*Collection entries*
▼

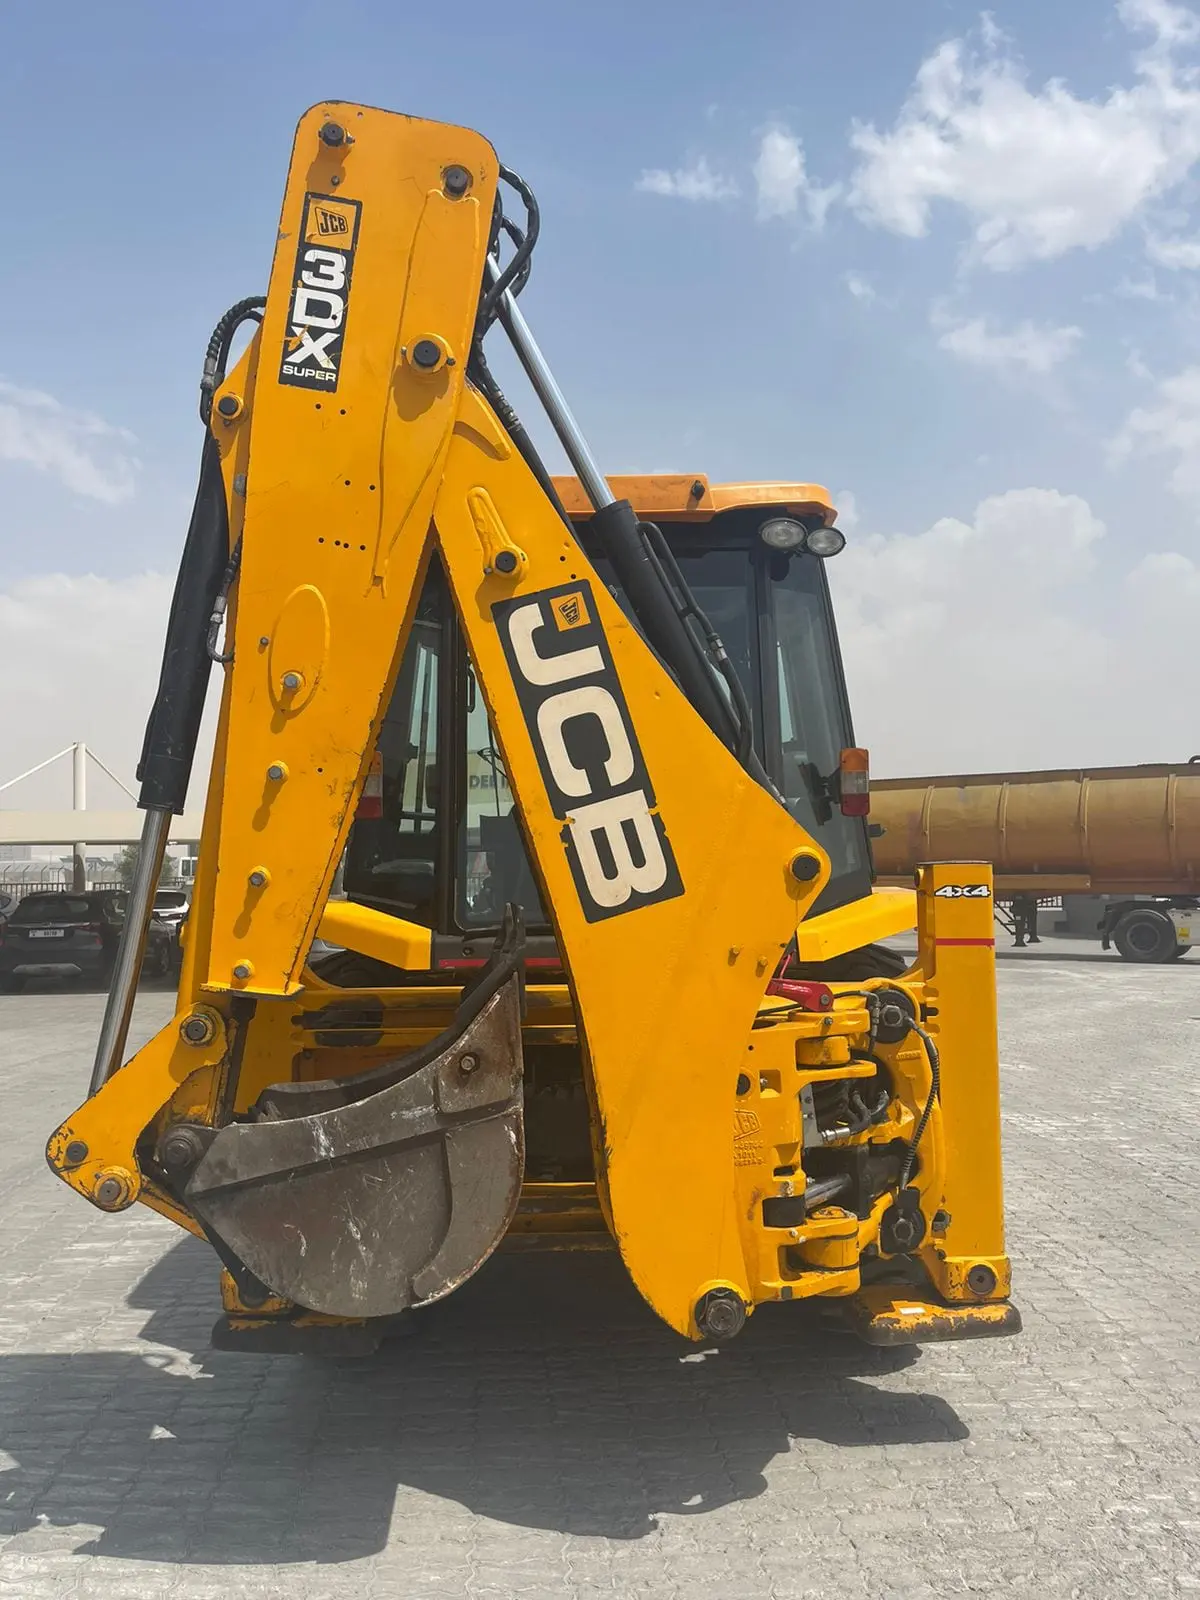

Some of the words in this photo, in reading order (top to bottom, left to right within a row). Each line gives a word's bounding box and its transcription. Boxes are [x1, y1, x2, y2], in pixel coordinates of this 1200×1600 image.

[320, 211, 346, 233] JCB
[285, 249, 347, 370] 3DX
[282, 365, 337, 382] SUPER
[561, 602, 578, 623] JCB
[508, 603, 668, 907] JCB
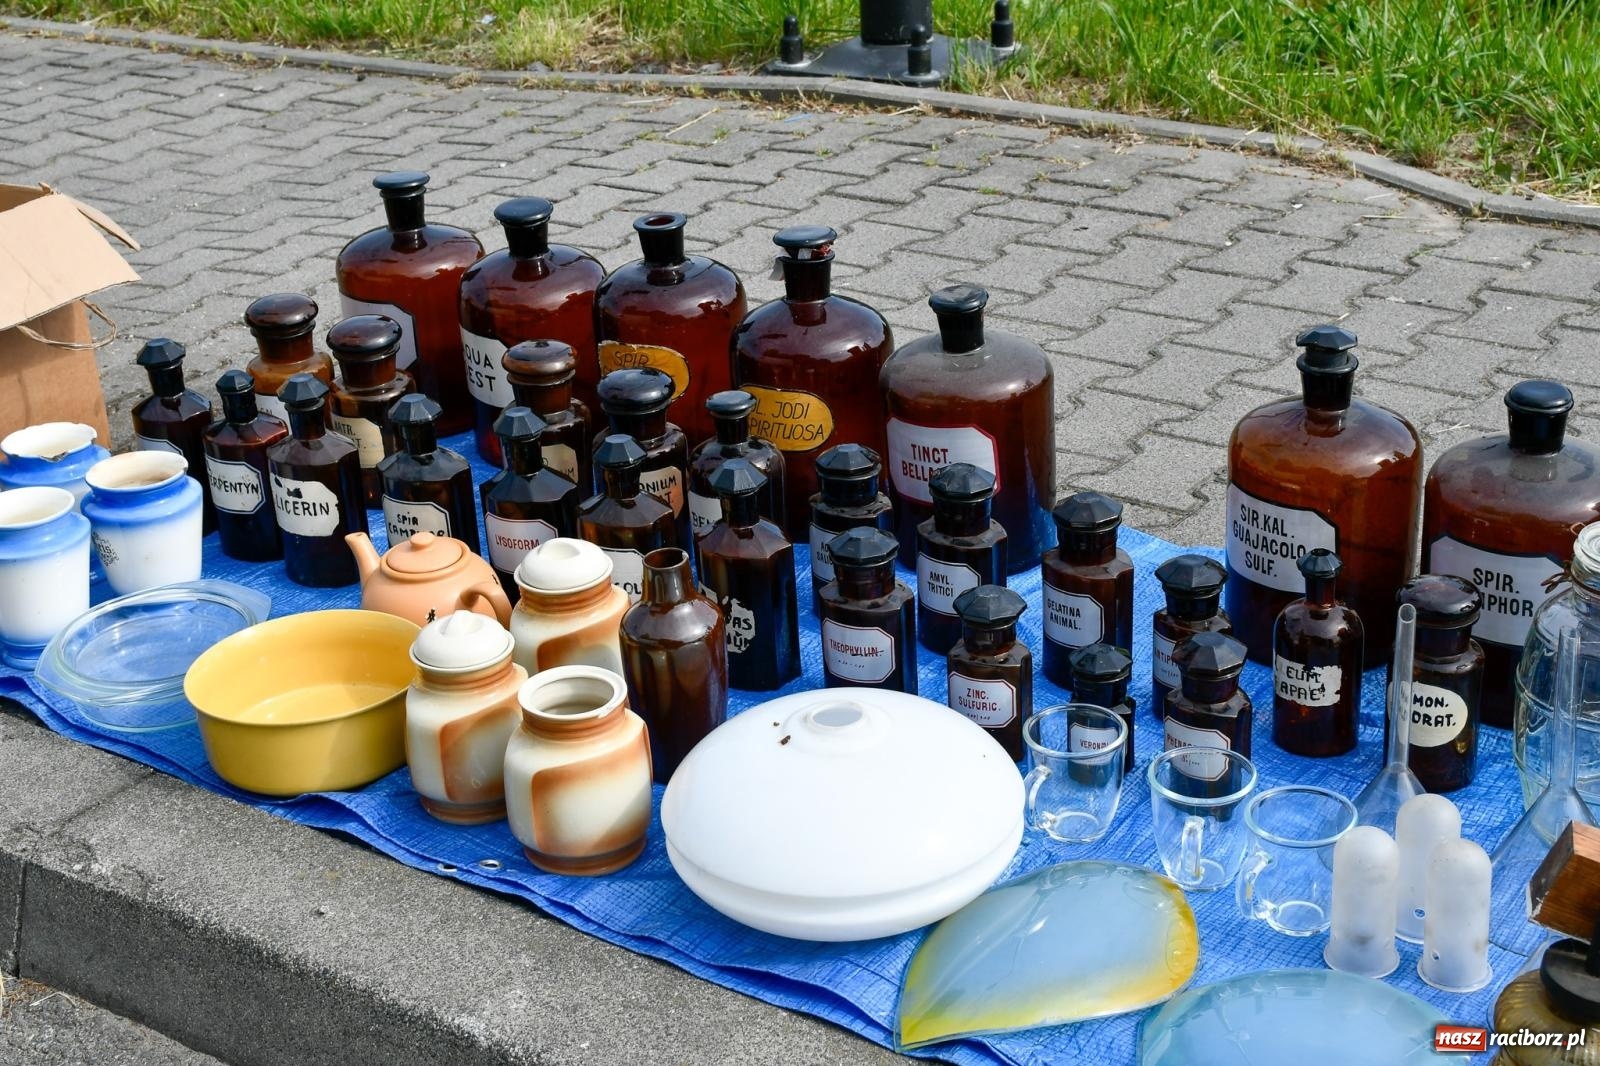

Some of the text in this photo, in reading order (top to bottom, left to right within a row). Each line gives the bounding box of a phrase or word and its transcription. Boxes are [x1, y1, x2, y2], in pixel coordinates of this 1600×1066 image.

[467, 365, 496, 392] EST
[771, 401, 811, 420] JODI
[749, 417, 825, 442] PIRITUOSA
[910, 443, 952, 465] TINCT.
[1232, 519, 1307, 561] GUAJACOLO
[1244, 550, 1277, 577] SULF.
[927, 580, 954, 598] TRITICI
[1472, 567, 1520, 594] SPIR.
[1047, 598, 1081, 618] GELATINA
[1480, 591, 1534, 618] PHOR
[958, 695, 1001, 712] SULFURIC.
[966, 687, 990, 700] ZINC.

▲

Transcribe every record exactly and omit each image.

Some of the words in this photo, in reading order (top to bottom, left to right within a row). Each line gives a word's bounding box and its transcription. Boxes are [x1, y1, x2, y2], in pixel coordinates of this 1200×1600 image.

[320, 211, 346, 233] JCB
[285, 249, 347, 370] 3DX
[282, 365, 337, 382] SUPER
[561, 602, 578, 623] JCB
[508, 603, 668, 907] JCB

Some of the text in this photo, in reading order (top to bottom, left to right within a row). Each line gives the bounding box of a phrase or word and its transcription. Boxes are [x1, y1, x2, y2], in pixel coordinates of this 1600×1066 image.

[467, 365, 496, 392] EST
[771, 401, 811, 420] JODI
[749, 417, 825, 442] PIRITUOSA
[910, 443, 952, 465] TINCT.
[1232, 519, 1307, 561] GUAJACOLO
[1244, 550, 1277, 577] SULF.
[927, 580, 954, 598] TRITICI
[1472, 567, 1520, 594] SPIR.
[1047, 598, 1081, 618] GELATINA
[1480, 591, 1534, 618] PHOR
[958, 695, 1001, 712] SULFURIC.
[966, 687, 990, 700] ZINC.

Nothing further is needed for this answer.